那个陌生天体的活动范围很快就被测出,而且观测者马上就一致承认,那颗彗星的运行轨道将使它在其近日点与地球非常接近。有两三位二流的天文学家坚持认为,一场相撞不可避免。我很难向你描述这个消息对世人造成的影响。开始几天,他们不愿相信这一断言,因为他们长期用于世故人情的才智对此压根儿就不能理解。但那生死攸关的事实真相,很快就让最迟钝的头脑也开了窍。最后,所有的人都看出天文学家没有撒谎,于是等待着那颗彗星。那颗彗星的接近起初显得并不快,它的出现也并不具有非常奇异的特征。它呈暗红色,有一条看得见的小小的彗尾。在其后七八天里,我们看不出它的直径有什么明显的增加,只感觉到它的颜色有局部的变化。这时,人们已放弃了通常的事务,所有的兴趣都被引进了一场由哲学界指导的关于彗星性质的越来越热烈的讨论。甚至许多无知者也把他们愚钝的“智慧”投入了这场思索。这时,学者们把他们的才智、他们的心灵,全部用来思考如何消除恐惧,或为可爱的理论找到依据。他们寻求,他们渴望正确的见解。他们企盼精确的认识。真理从其力量与极度庄严的纯洁中诞生,聪明人心悦诚服,顶礼膜拜。
那种认为彗星与地球相接触,会对我们的地球或地球居民造成严重伤害的看法,在聪明人中很快就再也站不住脚,于是聪明人被允许任意去控制其他人的理智和幻想。现在已证实,那颗彗星彗核之密度远远小于我们地球上最稀薄的空气。人们坚决认为,这次彗星经过地球将会与那次通过木星的卫星一样不造成伤害,这种认为大大地消除了恐怖。神学家们怀着被恐惧唤起的热情详论有关的《圣经》预言,并用一种从不曾有过先例的直率和朴素,向人们讲解这些预言。他们以一种非让普天下人都深信不疑的精神,极力宣传地球的最终毁灭只能由火的力量造成,而彗星并不具有火的性质(正如人们当时所知)是一个事实,这在很大程度上减轻了人们对那场预言的大灾难的恐惧。显而易见,世人对瘟疫和战争的偏信(在每一次彗星出现时,都惯常流行的谬误),这一次却全然不为人知。仿佛凭着某种暴发之力,理性一下子就把迷信推下了宝座,最软弱无力的才智从极度的关切中获得了力量。

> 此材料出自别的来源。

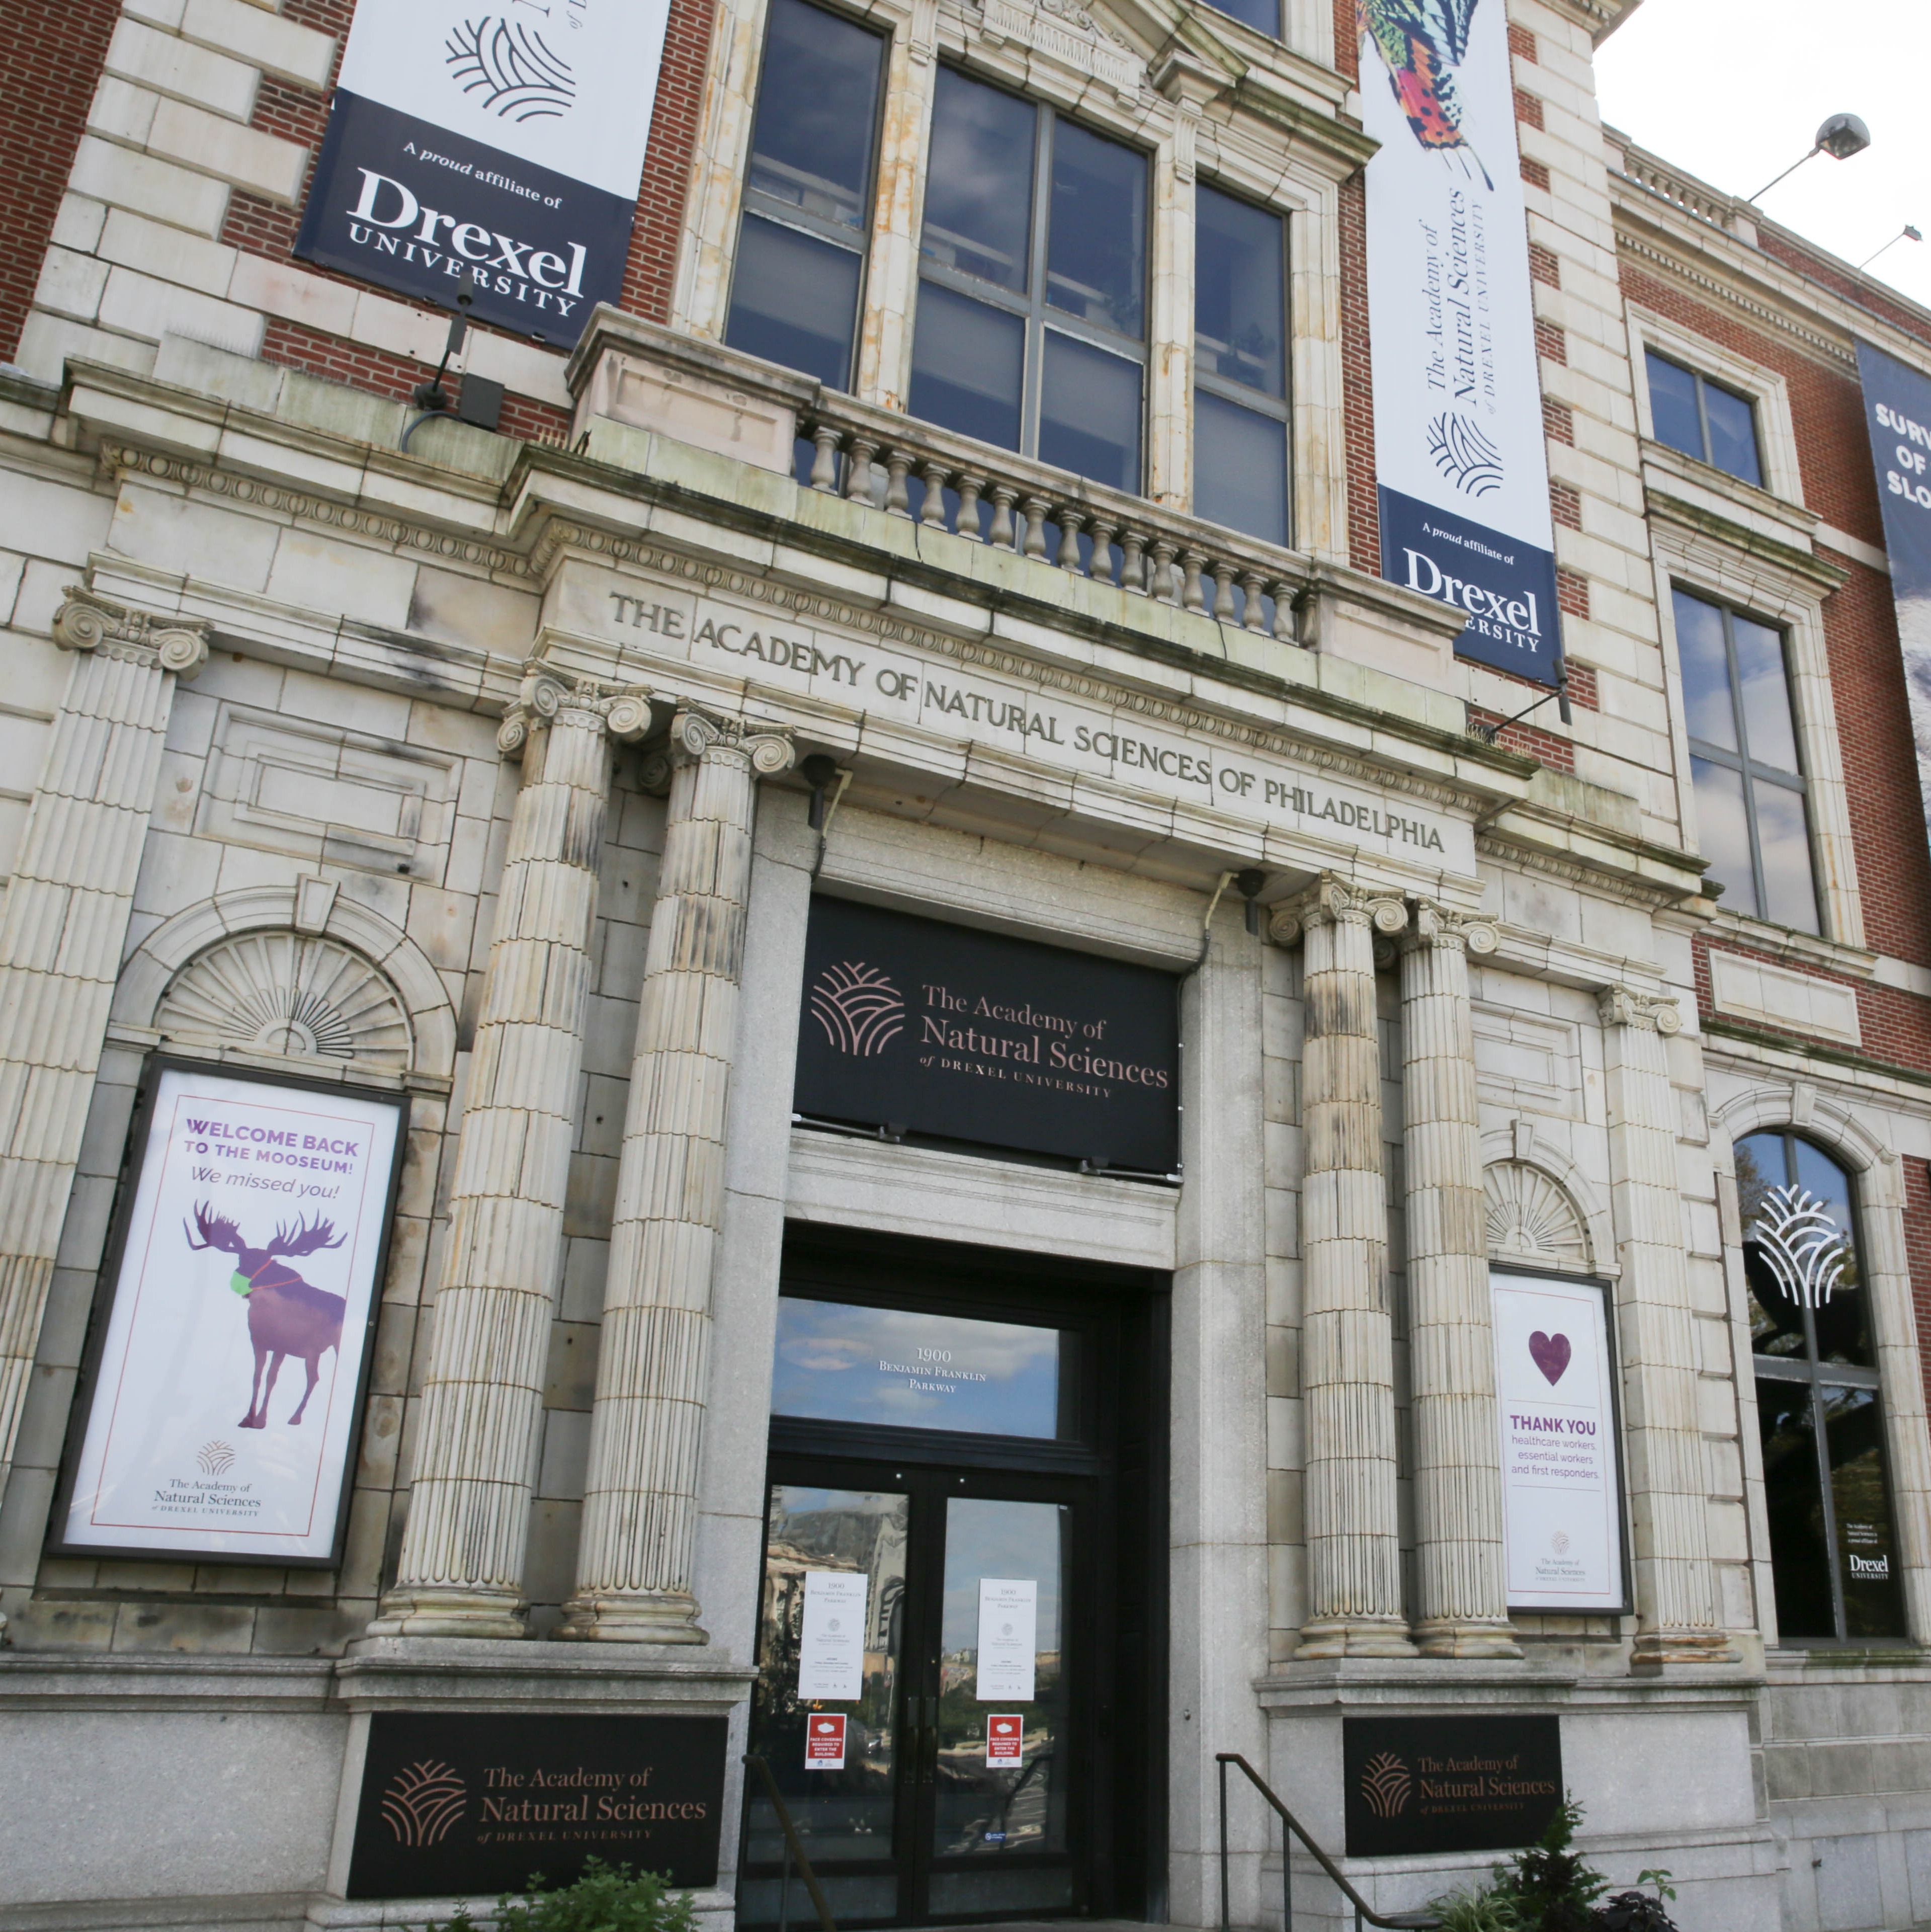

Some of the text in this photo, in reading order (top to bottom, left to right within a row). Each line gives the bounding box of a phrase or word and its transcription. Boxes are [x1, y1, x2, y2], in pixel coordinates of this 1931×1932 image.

[403, 141, 562, 209] A proud affiliate of
[346, 168, 586, 298] Drexel
[349, 222, 576, 316] UNIVERSITY
[1472, 199, 1489, 312] UNIVERSITY
[1419, 219, 1445, 390] The Academy of
[1446, 188, 1476, 406] Natural Sciences
[1479, 322, 1495, 396] DREXEL
[1896, 445, 1925, 475] OF
[1887, 470, 1931, 509] SLO
[1423, 523, 1514, 565] A proud affiliate of
[1403, 547, 1542, 636] Drexel
[1465, 616, 1539, 652] ERSITY
[609, 592, 1445, 853] THE ACADEMY OF NATURAL SCIENCES OF PHILADELPHIA
[922, 984, 1106, 1040] The Academy of
[920, 1015, 1168, 1088] Natural Sciences
[920, 1056, 1111, 1098] of DREXEL UNIVERSITY
[186, 1118, 359, 1157] WELCOME BACK
[184, 1141, 353, 1174] TO THE MOOSEUM!
[192, 1166, 340, 1199] We missed you!
[916, 1347, 951, 1362] 1900
[1510, 1415, 1595, 1435] THANK YOU
[1512, 1435, 1560, 1447] healthcare
[1512, 1465, 1529, 1474] and
[1532, 1465, 1549, 1475] first
[1518, 1452, 1593, 1464] essential workers
[154, 1490, 261, 1507] Natural Sciences
[170, 1478, 253, 1493] The Academy of
[161, 1505, 197, 1513] DREXEL
[202, 1507, 259, 1516] UNIVERSITY
[1849, 1555, 1889, 1572] Drexel
[484, 1767, 653, 1792] The Academy of
[1418, 1754, 1519, 1774] The Academy of
[1419, 1777, 1555, 1799] Natural Sciences
[479, 1795, 706, 1822] Natural Sciences
[1432, 1805, 1468, 1813] DREXEL
[1471, 1803, 1525, 1811] UNIVERSITY
[477, 1829, 652, 1844] of DREXEL UNIVERSITY

冥思苦想的问题集中到了这场相触可能造成的较小的危害上。学者们谈到了轻微的地质变动,谈到了可能的气候变化及其所引起的植物变化,还谈到了也许会出现的磁力影响和电气影响——许多学者认为,无论如何都不会产生看得见的或感觉得到的影响。当这样的讨论正在进行时,被讨论的主体离地球越来越近,其直径显然增大,亮度也大大增强。随着它的来临,人们越来越怕。人类所有的正常活动都停止了。
当那颗彗星终于大得超过了以往的任何观测记录时,人类的感情历程出现了一个新的纪元。人们不再相信天文学家连续错误地给予他们的希望,而从自己的体验中,确信了即将大祸临头。他们恐惧中的幻想成分已经消失。现在连世上最坚强的人的心也怦怦直跳,几天之后,连这样的感情也被更难以忍受的感觉所淹没。我们已不再能用任何习惯的思维方式来想那个奇异的天体。它的历史属性已不复存在。它以一种可怕的崭新的情感压迫我们。我们不再把它看作空中的一种天文现象,而把它视为我们心中的一个噩梦、我们大脑中的一个幽灵。它已经以难以想象的速度呈现出一种罕见的火焰的特征,一个巨大的白织罩从地平线的一端伸延到另一端。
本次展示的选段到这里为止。